After operating the cafe for more than a decade in a building they own, the owners of New Moon are moving the business one floor up to focus more on catering. That gave Vivid, which has been a regular at the Burlington Farmers Market, the opportunity to open its first brick-and-mortar cafe, quite literally.
Along with other welcome vestiges such as a large hearth and an enormous chandelier, the shop’s existing bright and earthy white-painted exposed brick walls will remain as they are.
“[The building owner’s] family operated an artisan chandelier manufacturing business, and when they purchased the building where the cafe is located, they custom-designed the chandelier for the space,” Ian Bailey, founder and owner of Vivid Coffee, told Daily Coffee News. “The chandelier isn’t a part of Vivid’s branding or identity, but we value the history and sentiment behind it.”
New features include a massive 16-by-4-foot maple countertop on a permanent central island that was previously New Moon’s salad bar — a surface that matches that of a live-edge maple countertop in the shop’s back seating area.
“The maple wood is from Shelburne, Vermont,” said Bailey. “[The salad bar] was essentially a custom structure/monument that was all but impossible to move, so we decided to put the maple countertop on top of it, after removing the sneeze guards. It really opened up the cafe.”
Founded five years ago as primarily a wholesale coffee roaster, Vivid continues to roast on its 5-kilo Proaster installed in its roastery located in the back of a Scout & Co. ice cream parlor and cafe cafe in nearby Winooski. Bailey looks forward to expanding its production with a new 12-kilo Probat roaster slated for installation inside the Burlington cafe next month.
In anticipation of coffee shop life after COVID-19, the Vivid bar includes two espresso stations. The primary bar centers on a 3-group La Marzocco Linea AV paired with a Mahlkönig Peak grinder, while a second bar with a Linea Mini and another Mahlkönig Peak will showcase rotating single-origin espressos.
“[The Mini will be] featured on a maple countertop we had installed where we hope to have a more conversational approach to coffee service, including manual brew methods, in the future when the cafe is more than just take-out.”

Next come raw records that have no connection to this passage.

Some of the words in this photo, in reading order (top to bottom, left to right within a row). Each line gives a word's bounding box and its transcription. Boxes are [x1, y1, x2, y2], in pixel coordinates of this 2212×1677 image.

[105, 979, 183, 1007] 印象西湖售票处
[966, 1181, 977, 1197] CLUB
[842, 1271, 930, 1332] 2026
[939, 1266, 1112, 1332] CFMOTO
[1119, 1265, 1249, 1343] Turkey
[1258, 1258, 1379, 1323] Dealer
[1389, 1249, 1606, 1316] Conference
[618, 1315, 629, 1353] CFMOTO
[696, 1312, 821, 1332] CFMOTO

Prior to the pandemic, Bailey said Vivid’s annual revenue was about 95% wholesale, which largely evaporated in March and April. Bailey said that inspired a push to promote Vivid’s online store, which it did with help of web designer Mike Poorman.
“Fun Mike Poorman fact: he works as a drum tech for Billie Eilish, and is one of the best humans ever,” said Bailey. “He really helped me out in those first few months. We weren’t able to make up for the loss in wholesale revenue, but we were able to make up enough to continue to be operational and not cut any employee hours.”

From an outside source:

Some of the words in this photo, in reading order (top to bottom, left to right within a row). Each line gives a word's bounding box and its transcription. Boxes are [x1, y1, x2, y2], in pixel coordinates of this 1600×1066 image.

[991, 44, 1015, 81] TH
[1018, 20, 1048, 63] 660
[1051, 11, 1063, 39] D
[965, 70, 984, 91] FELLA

Other new efforts included a subscription service and a Snapchill canned coffee that helped them continue at the farmers market when restrictions were placed on on-site consumables.
“One of our primary concerns in the earliest months of COVID were all of our friends and baristas at our wholesale partner cafes,” said Bailey. “Through the end of May, we donated $2 for every bag of coffee sold on our website to a fund that went directly to baristas of Vivid partner cafes. Thankfully many of the cafes and restaurants have been able to open up in some capacity around the time the barista fund ended.”
Vivid Coffee is now open at 150 Cherry St. in Burlington, Vermont.